━━━━━ PROVIDED RECORDS

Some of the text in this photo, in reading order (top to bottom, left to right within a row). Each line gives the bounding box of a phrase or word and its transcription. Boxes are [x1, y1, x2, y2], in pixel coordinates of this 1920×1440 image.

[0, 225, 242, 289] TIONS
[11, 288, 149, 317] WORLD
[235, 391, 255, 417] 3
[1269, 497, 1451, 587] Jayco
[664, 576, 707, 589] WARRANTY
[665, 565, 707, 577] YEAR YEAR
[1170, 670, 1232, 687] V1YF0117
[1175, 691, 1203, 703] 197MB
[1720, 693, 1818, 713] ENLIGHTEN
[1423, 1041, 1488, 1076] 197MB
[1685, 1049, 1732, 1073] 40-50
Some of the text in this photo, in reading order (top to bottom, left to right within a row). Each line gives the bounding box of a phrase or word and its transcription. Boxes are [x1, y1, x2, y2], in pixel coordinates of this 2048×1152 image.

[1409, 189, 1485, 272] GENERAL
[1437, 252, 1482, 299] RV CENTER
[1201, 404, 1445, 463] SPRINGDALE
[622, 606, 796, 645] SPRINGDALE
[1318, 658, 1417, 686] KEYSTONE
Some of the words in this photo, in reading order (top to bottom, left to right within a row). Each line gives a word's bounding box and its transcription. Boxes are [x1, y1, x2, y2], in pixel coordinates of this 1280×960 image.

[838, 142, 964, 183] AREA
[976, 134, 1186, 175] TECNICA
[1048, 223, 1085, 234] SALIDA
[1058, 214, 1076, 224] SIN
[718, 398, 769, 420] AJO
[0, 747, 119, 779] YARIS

━━━━━━━━━━

## EXERCISE DIRECTIONS
Repeat each record word for word.

## ANSWER SPACE
Some of the text in this photo, in reading order (top to bottom, left to right within a row). Each line gives the bounding box of a phrase or word and its transcription. Boxes are [x1, y1, x2, y2], in pixel coordinates of this 1920×1440 image.

[0, 225, 242, 289] TIONS
[11, 288, 149, 317] WORLD
[235, 391, 255, 417] 3
[1269, 497, 1451, 587] Jayco
[664, 576, 707, 589] WARRANTY
[665, 565, 707, 577] YEAR YEAR
[1170, 670, 1232, 687] V1YF0117
[1175, 691, 1203, 703] 197MB
[1720, 693, 1818, 713] ENLIGHTEN
[1423, 1041, 1488, 1076] 197MB
[1685, 1049, 1732, 1073] 40-50
Some of the text in this photo, in reading order (top to bottom, left to right within a row). Each line gives the bounding box of a phrase or word and its transcription. Boxes are [x1, y1, x2, y2], in pixel coordinates of this 2048×1152 image.

[1409, 189, 1485, 272] GENERAL
[1437, 252, 1482, 299] RV CENTER
[1201, 404, 1445, 463] SPRINGDALE
[622, 606, 796, 645] SPRINGDALE
[1318, 658, 1417, 686] KEYSTONE
Some of the words in this photo, in reading order (top to bottom, left to right within a row). Each line gives a word's bounding box and its transcription. Boxes are [x1, y1, x2, y2], in pixel coordinates of this 1280×960 image.

[838, 142, 964, 183] AREA
[976, 134, 1186, 175] TECNICA
[1048, 223, 1085, 234] SALIDA
[1058, 214, 1076, 224] SIN
[718, 398, 769, 420] AJO
[0, 747, 119, 779] YARIS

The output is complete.